Would you repeat the listing exactly, without any of its images?

━━━━

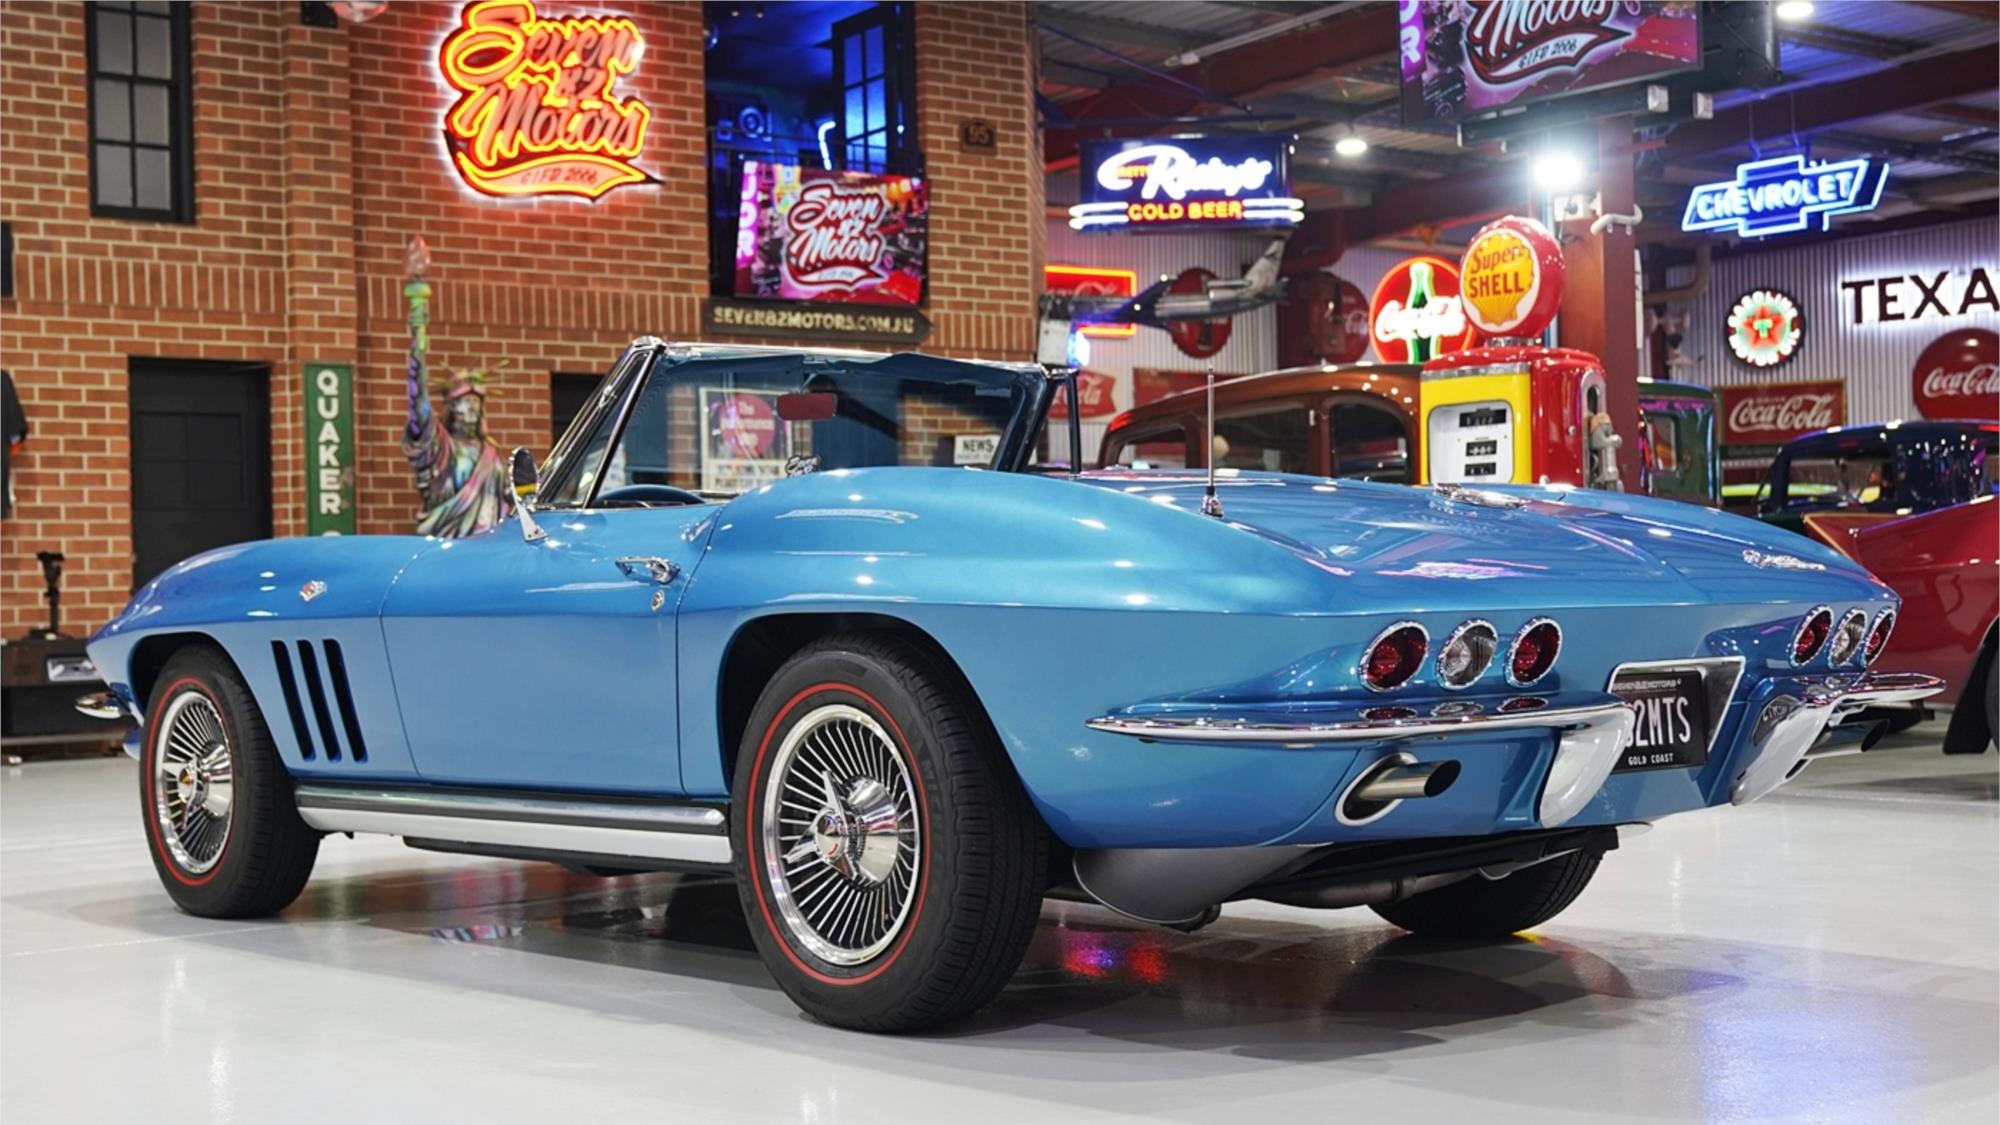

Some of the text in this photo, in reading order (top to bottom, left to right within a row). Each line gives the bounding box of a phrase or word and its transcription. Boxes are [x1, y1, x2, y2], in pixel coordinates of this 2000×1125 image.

[446, 1, 643, 87] Seven
[557, 66, 606, 101] 82
[457, 81, 643, 164] Motors
[968, 125, 990, 145] 95
[790, 185, 880, 230] Seven
[1128, 200, 1243, 221] COLD BEER
[1697, 172, 1853, 220] CHEVROLET
[789, 227, 880, 268] Motors
[1469, 272, 1525, 299] SHELL
[1842, 268, 1999, 324] TEXA
[1729, 393, 1834, 432] Coca-Cola
[316, 369, 341, 515] QUAKER
[962, 439, 994, 453] NEWS
[1625, 696, 1691, 747] 2MTS
[1628, 752, 1673, 766] GOLD COAST

━━━━

** WRITTEN ANSWER **
Some of the text in this photo, in reading order (top to bottom, left to right within a row). Each line gives the bounding box of a phrase or word and its transcription. Boxes are [x1, y1, x2, y2], in pixel coordinates of this 2000×1125 image.

[446, 1, 643, 87] Seven
[557, 66, 606, 101] 82
[457, 81, 643, 164] Motors
[968, 125, 990, 145] 95
[790, 185, 880, 230] Seven
[1128, 200, 1243, 221] COLD BEER
[1697, 172, 1853, 220] CHEVROLET
[789, 227, 880, 268] Motors
[1469, 272, 1525, 299] SHELL
[1842, 268, 1999, 324] TEXA
[1729, 393, 1834, 432] Coca-Cola
[316, 369, 341, 515] QUAKER
[962, 439, 994, 453] NEWS
[1625, 696, 1691, 747] 2MTS
[1628, 752, 1673, 766] GOLD COAST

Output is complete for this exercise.